[Stored entries]
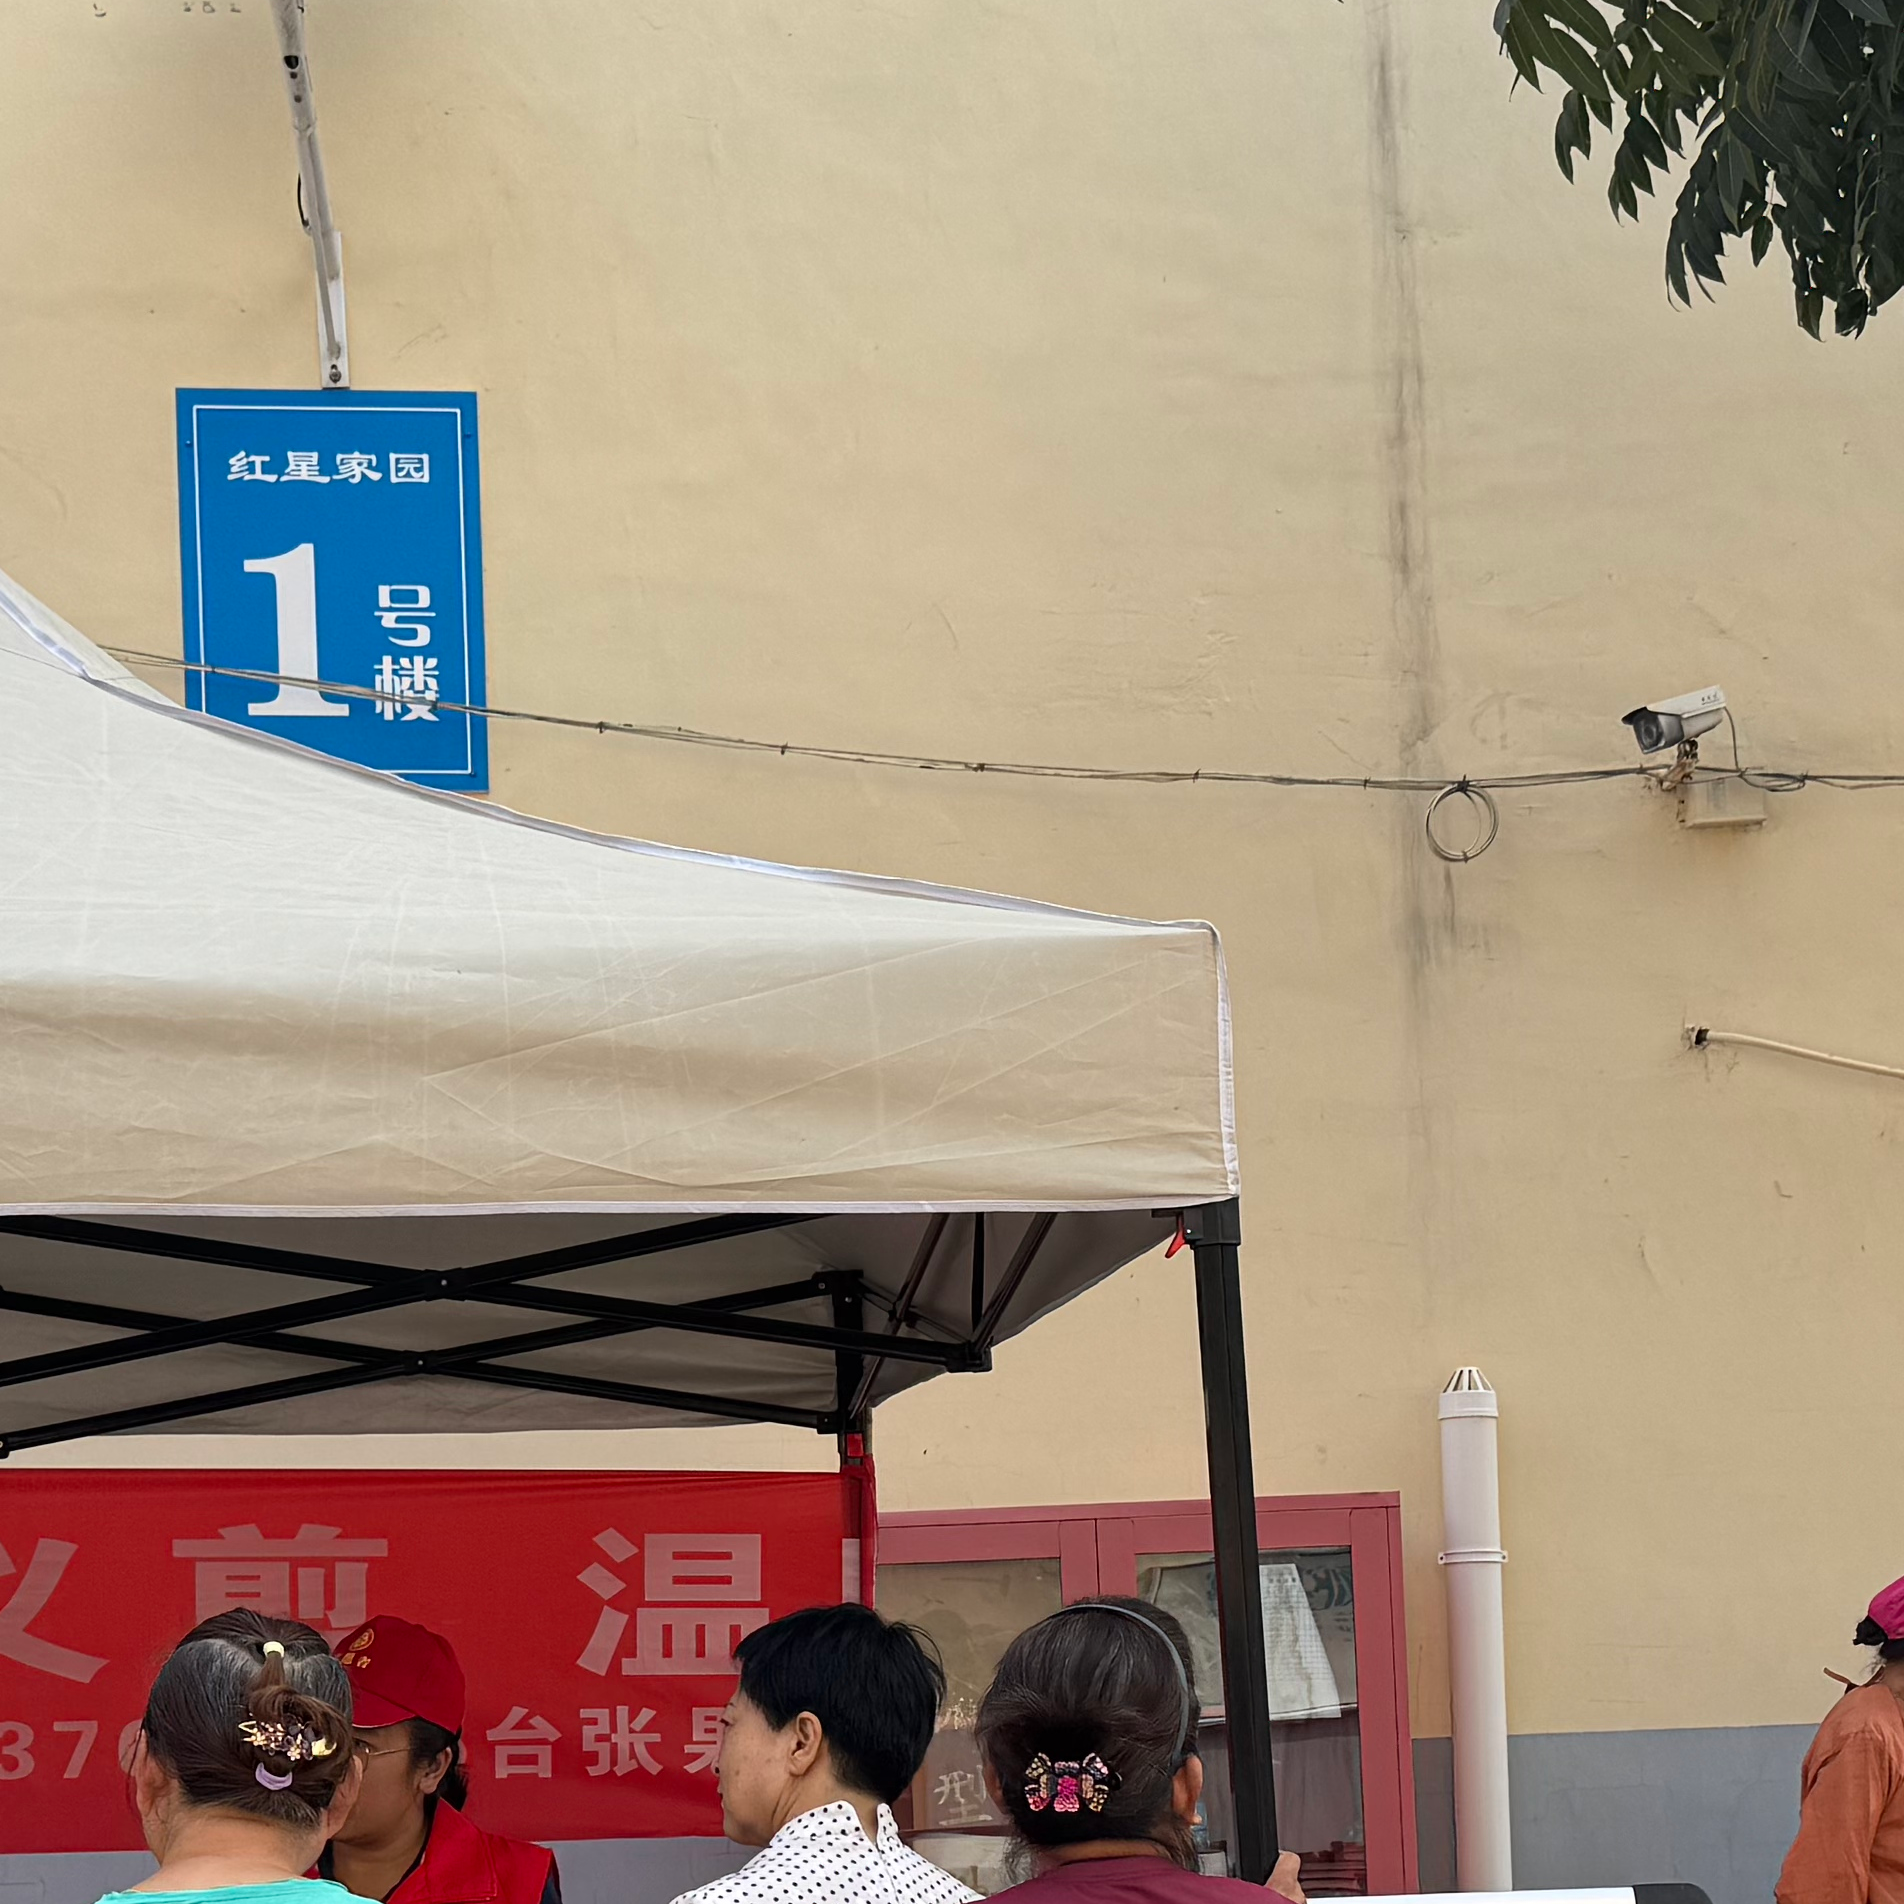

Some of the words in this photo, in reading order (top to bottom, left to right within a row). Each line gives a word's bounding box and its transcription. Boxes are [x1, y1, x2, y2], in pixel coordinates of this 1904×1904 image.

[226, 449, 431, 485] 红星家园
[243, 542, 350, 718] 1
[374, 583, 441, 722] 号楼
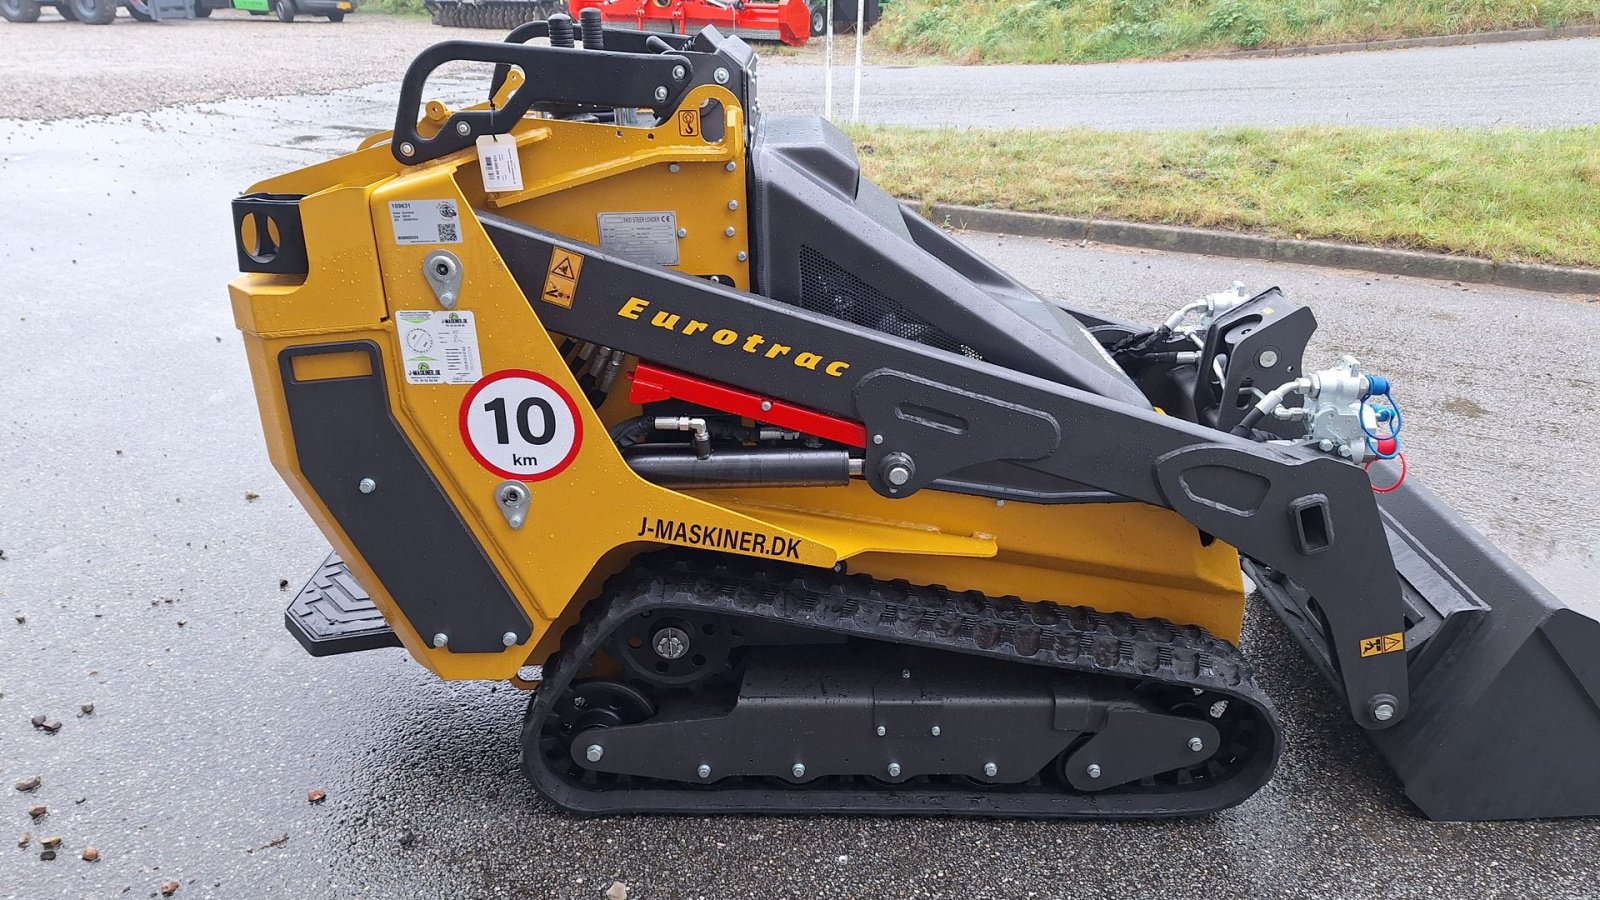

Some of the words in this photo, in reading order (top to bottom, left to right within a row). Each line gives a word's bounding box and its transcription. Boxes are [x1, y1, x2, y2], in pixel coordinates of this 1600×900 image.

*Exercise*. Give every line of the data above again as it stands; the pictures stay out.

*Result below*.
Some of the words in this photo, in reading order (top to bottom, left to right within a row). Each line gives a word's bounding box and its transcription. Boxes are [x1, y1, x2, y2], in pixel coordinates of this 1904×1904 image.

[226, 449, 431, 485] 红星家园
[243, 542, 350, 718] 1
[374, 583, 441, 722] 号楼

Some of the words in this photo, in reading order (top to bottom, left to right within a row). Each line gives a word's bounding box and its transcription. Boxes are [x1, y1, x2, y2], in pixel coordinates of this 1600×900 image.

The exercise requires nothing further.